WHAT THE TASK ASKS.
Make an exact copy of the listing so that no picture is carried over.

RECORDS SUPPLIED.
=====
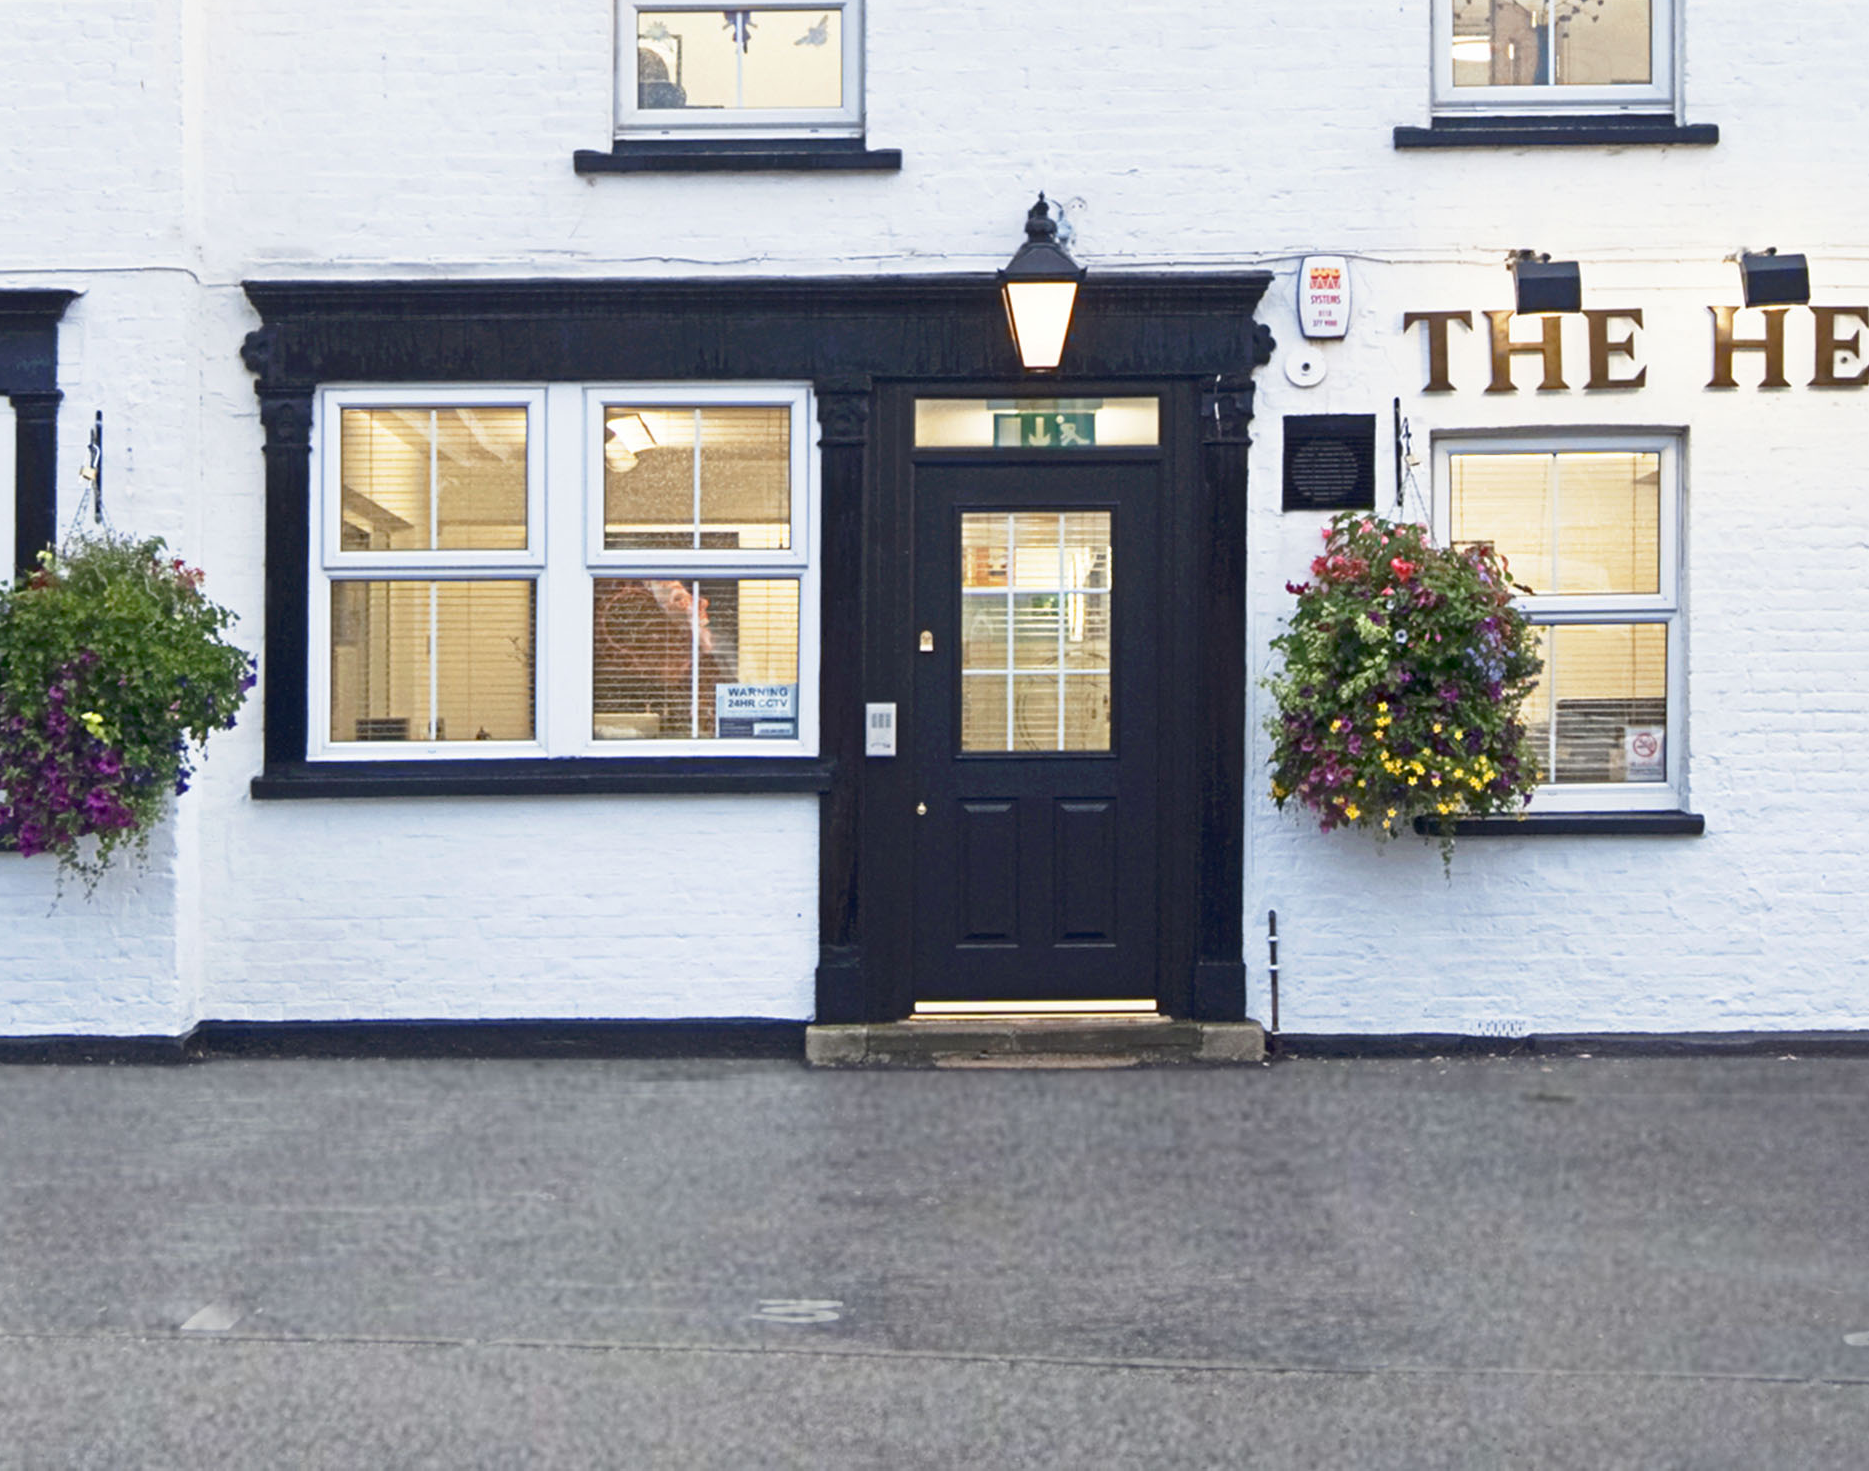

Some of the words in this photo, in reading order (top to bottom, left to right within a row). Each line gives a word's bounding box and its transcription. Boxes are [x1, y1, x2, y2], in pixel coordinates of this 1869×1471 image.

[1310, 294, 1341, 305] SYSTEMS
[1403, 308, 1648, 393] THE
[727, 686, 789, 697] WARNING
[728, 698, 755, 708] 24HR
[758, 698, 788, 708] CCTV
=====
THE COMPLETED TASK.
Some of the words in this photo, in reading order (top to bottom, left to right within a row). Each line gives a word's bounding box and its transcription. Boxes are [x1, y1, x2, y2], in pixel coordinates of this 1869×1471 image.

[1310, 294, 1341, 305] SYSTEMS
[1403, 308, 1648, 393] THE
[727, 686, 789, 697] WARNING
[728, 698, 755, 708] 24HR
[758, 698, 788, 708] CCTV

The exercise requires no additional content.